My argument for the apparently extreme position on JavaScript is as follows:

  1. Apple MacOS and Microsoft Windows are both insecure.

    Most of the computers in use on the Internet today are running operating systems that do not protect the system as a whole from any misbehaving application program. System crashes are one manifestation of this problem.

    More insidiously, this insecure OS architecture allows viruses and other malevolent programs free reign once they're running.

  2. Don't take programs from strangers!

    No user should be running any program on a computer that he did not explicitly install himself; to do otherwise invites attack and misuse of the computer by others. Do you know where that JavaScript came from, or what it is supposed to do?

    JavaScript comes over the Internet, embedded in otherwise innocuous HTML documents on the World Wide Web, and is immediately executed by the web browser without prior explicit user permission. This is just wrong.

  3. It is impossible, as a practical matter, to make JavaScript 100% safe.

    The claim is made by Netscape that JavaScript is a "safe" programming language, in that it is not permitted to perform "dangerous" operations. This claim rests on the JavaScript language specification which is open to public inspection, and the implementation of the language interpreters in web browsers by Netscape and Microsoft which are not open to public inspection.

    It is prohibitively expensive for a JavaScript implementor to do a full and complete combinatorical test of all JavaScript functions and operations. Given this, is it unlikely that any JavaScript implementation has been exhaustively tested to prove its correctness, so there are very likely to be very dangerous bugs lurking in the code, waiting for some nefarious person to discover them.

    In short, if any JavaScript implementer makes a mistake, the computers running that JavaScript implementation are vulnerable to attack. Given the state of computer operating systems as noted above, this is an intolerably dangerous situation.

What Does This All Mean?

Take all of this together and you have a situation very like a nuclear power plant: very useful, but the consequences of a failure are very, very dangerous. This is why nuclear power is (supposedly) a very tightly regulated industry.
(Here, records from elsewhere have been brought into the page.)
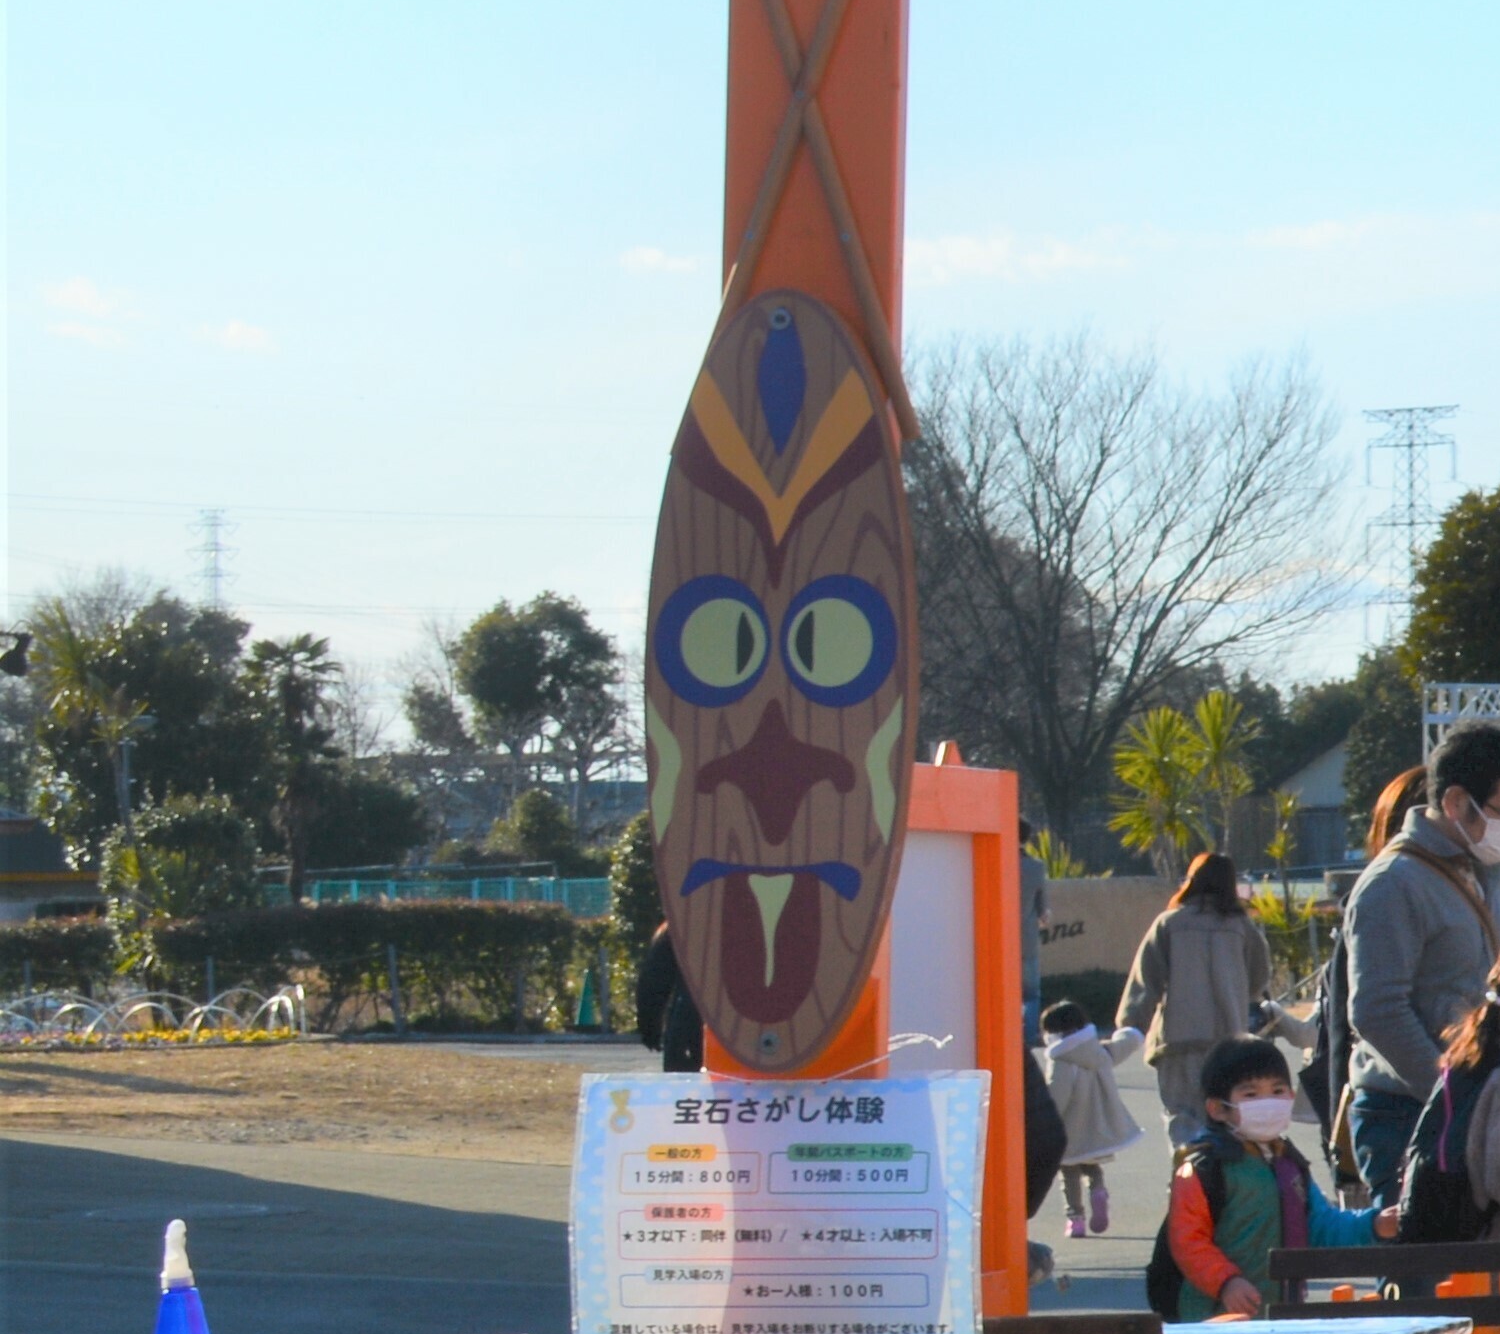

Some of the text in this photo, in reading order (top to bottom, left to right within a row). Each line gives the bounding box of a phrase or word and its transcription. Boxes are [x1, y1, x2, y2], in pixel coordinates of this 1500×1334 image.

[673, 1096, 885, 1124] 宝石さがし体験
[654, 1148, 703, 1160] 一般の方
[651, 1207, 713, 1219] 保護者の方
[652, 1269, 724, 1281] 見学入場の方
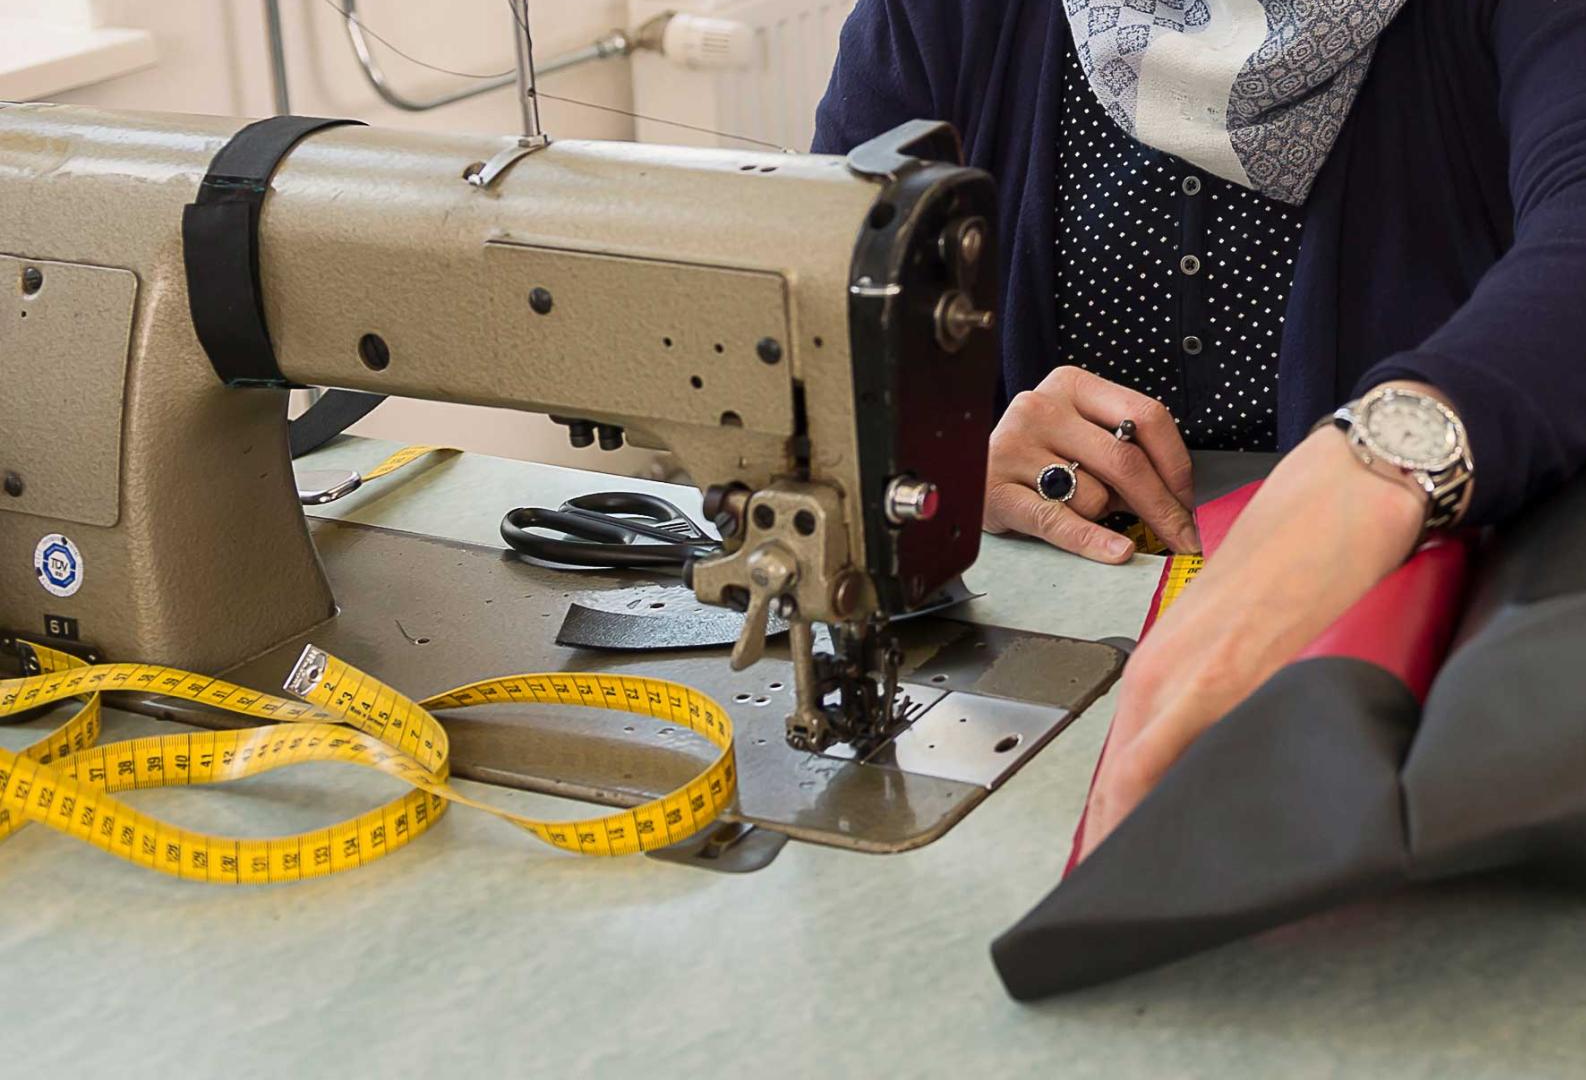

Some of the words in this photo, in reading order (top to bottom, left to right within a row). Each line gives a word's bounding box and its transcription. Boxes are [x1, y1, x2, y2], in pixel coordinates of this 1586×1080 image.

Unfortunately, there are no such regulators looking over the shoulders of those who implement JavaScript; it's all Caveat Emptor and devil take the hindmost, because there is no legal liability for software bugs.
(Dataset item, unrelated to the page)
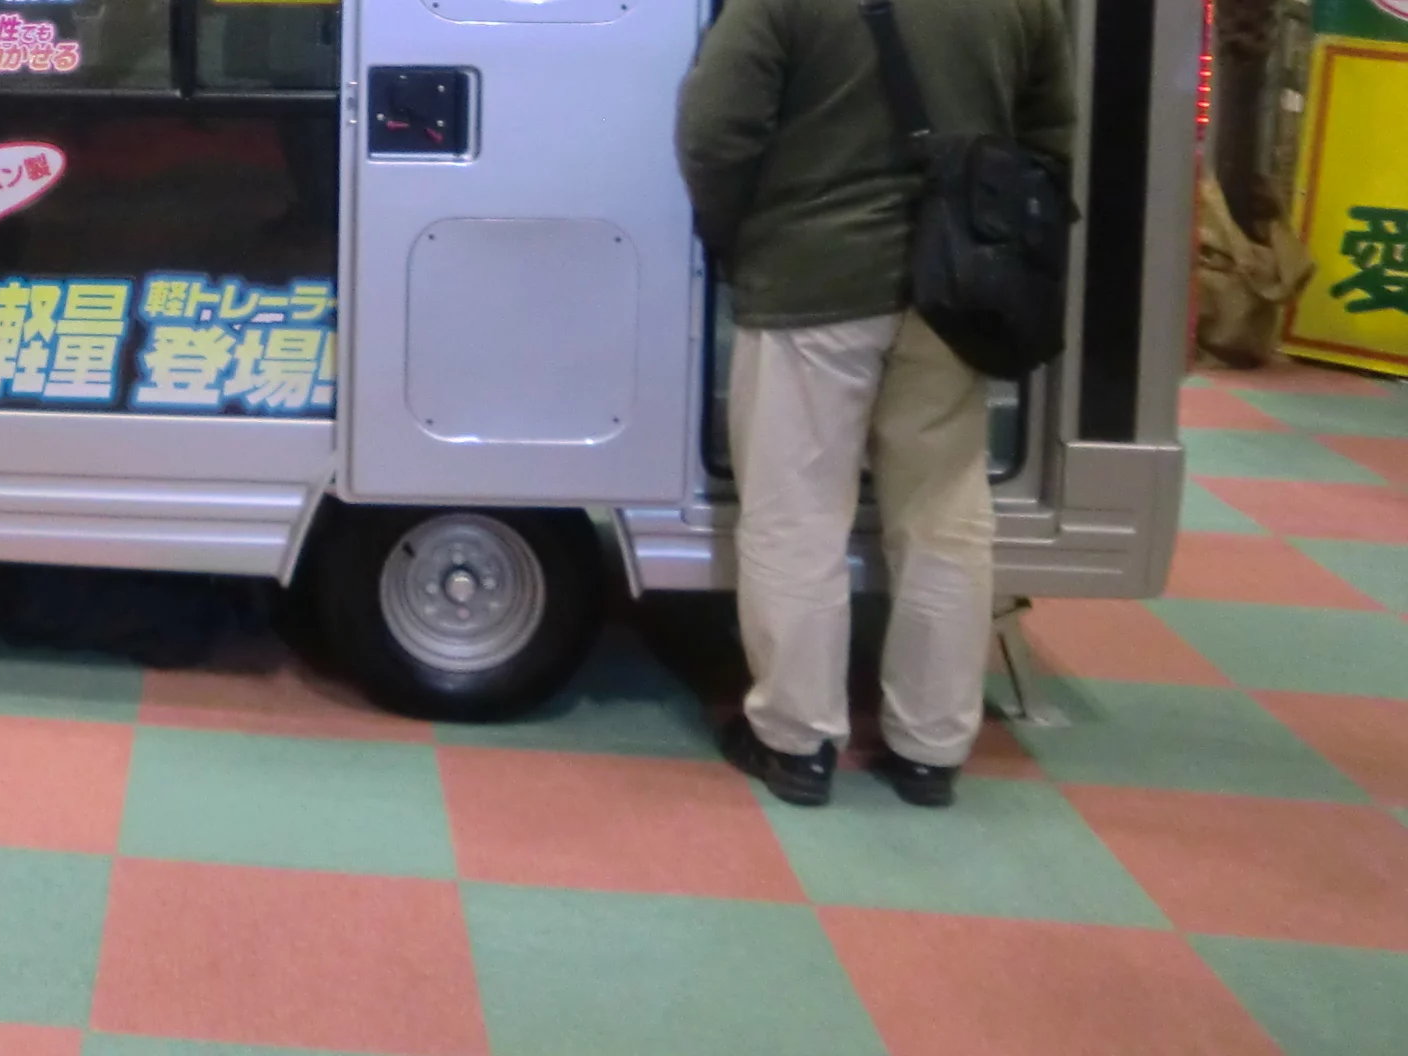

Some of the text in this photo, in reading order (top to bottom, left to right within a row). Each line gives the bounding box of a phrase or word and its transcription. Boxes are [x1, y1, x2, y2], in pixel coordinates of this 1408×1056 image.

[143, 280, 336, 320] 軽トレーラ
OK, What Can We Do About It?

  1. Educate everyone about this issue - forewarned is forearmed.

    It is possible for every user to turn off JavaScript support in their web browser; it's a check-box in the Preferences or Properties.
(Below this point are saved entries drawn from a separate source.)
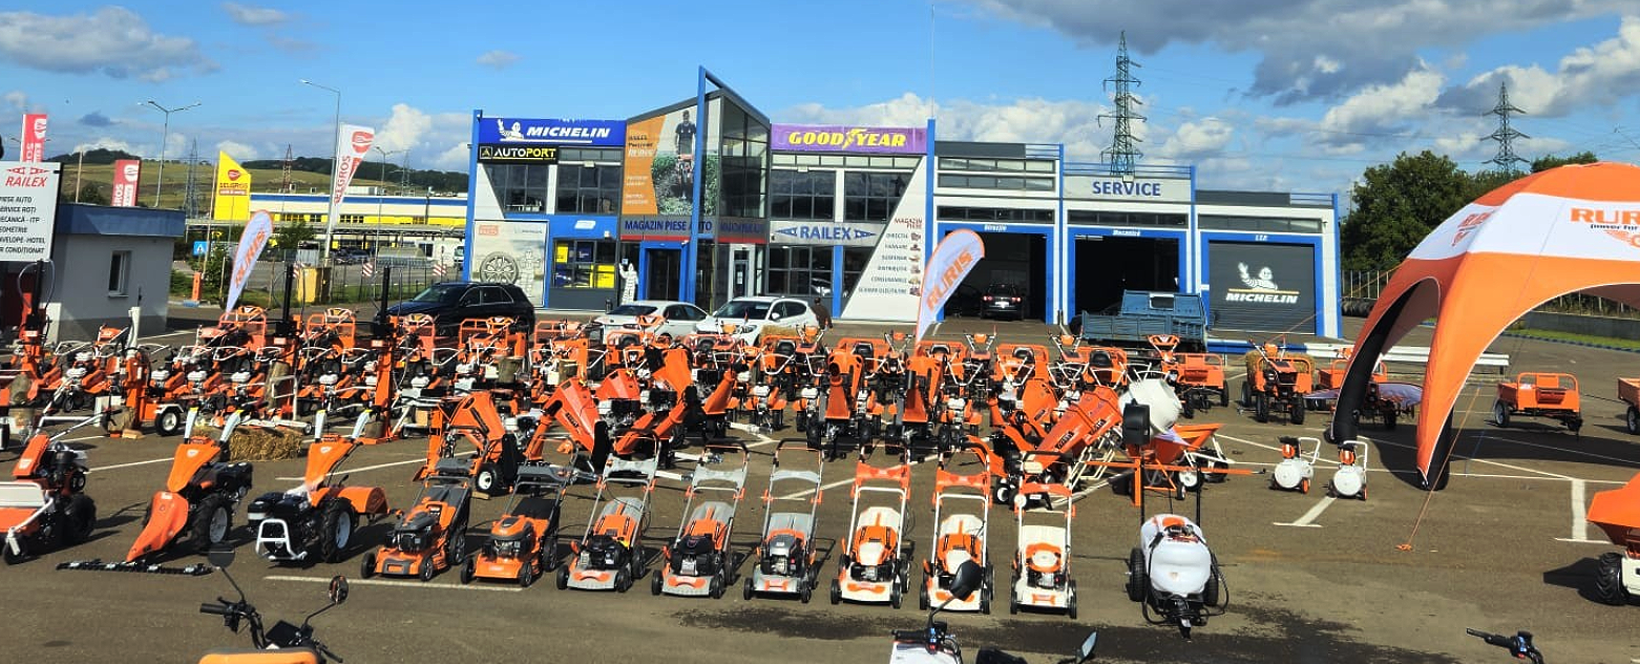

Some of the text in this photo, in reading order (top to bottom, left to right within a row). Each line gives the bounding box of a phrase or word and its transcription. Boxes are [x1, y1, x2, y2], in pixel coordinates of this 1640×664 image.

[526, 126, 610, 138] MICHELIN
[493, 147, 556, 159] AUTOPORT
[5, 176, 47, 187] RAILEX
[1092, 181, 1161, 197] SERVICE
[1569, 207, 1640, 225] RUR
[624, 220, 663, 231] MAGAZIN
[664, 220, 687, 231] PIESE
[800, 225, 851, 240] RAILEX
[926, 250, 974, 313] RURIS
[1225, 292, 1298, 304] MICHELIN
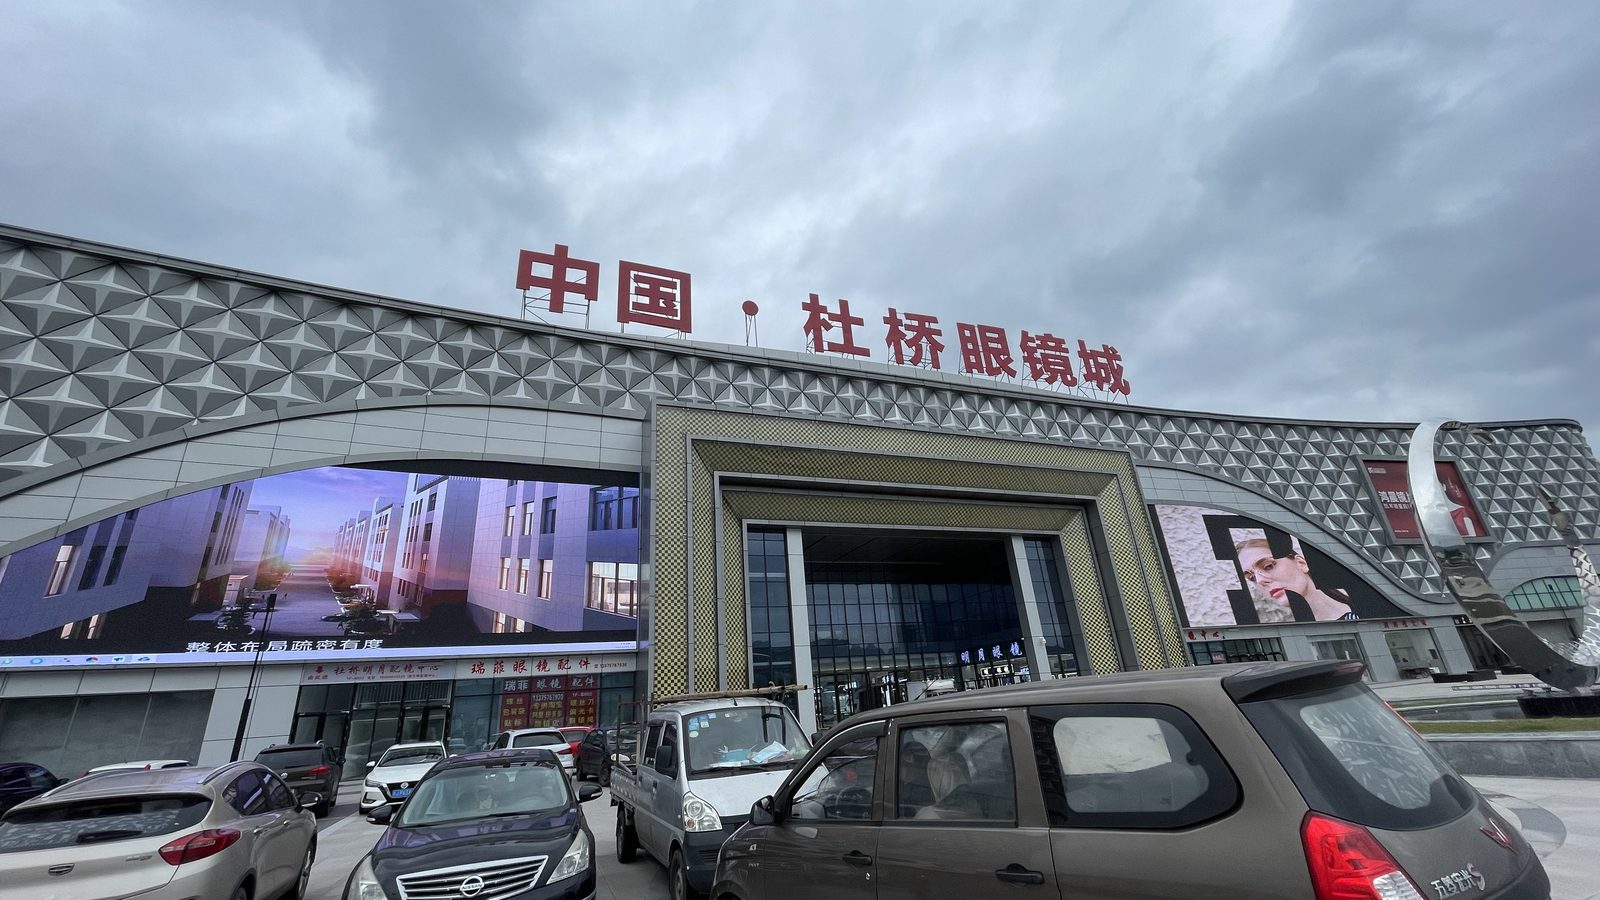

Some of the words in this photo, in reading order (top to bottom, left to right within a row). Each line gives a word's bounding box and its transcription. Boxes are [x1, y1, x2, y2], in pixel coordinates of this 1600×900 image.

[185, 639, 384, 653] 整体布局疏密有度
[961, 641, 1023, 664] 明月眼镜
[471, 658, 591, 674] 瑞菲眼镜配件
[1430, 862, 1486, 899] 五菱宏光S
  2. Petition Netscape and Microsoft to remove the JavaScript interpreters from their web browsers.

  3. Petition web site developers not to use JavaScript, or, at minimum, to produce sites that are fully functional when JavaScript is turned off in the user's web browser.

    This is known in the industry as making a site that "gracefully degrades" to match the capabilities of the user's web browser, and when properly done, this design discipline makes the web site's content accessible to the widest audience.

  4. Petition Apple Computer and Microsoft to rewrite their operating systems so that application programs cannot crash the systems they run on.

We have our work cut out for us.

Just To Add Insult To Injury

JavaScript is on its way to becoming an International Standard through the auspices of the European Computer Manufacturer's Association (ECMA) as "ECMAscript."

And If That Weren't Enough...

Microsoft's ActiveX technology is even worse than JavaScript. They don't even claim that it's "safe."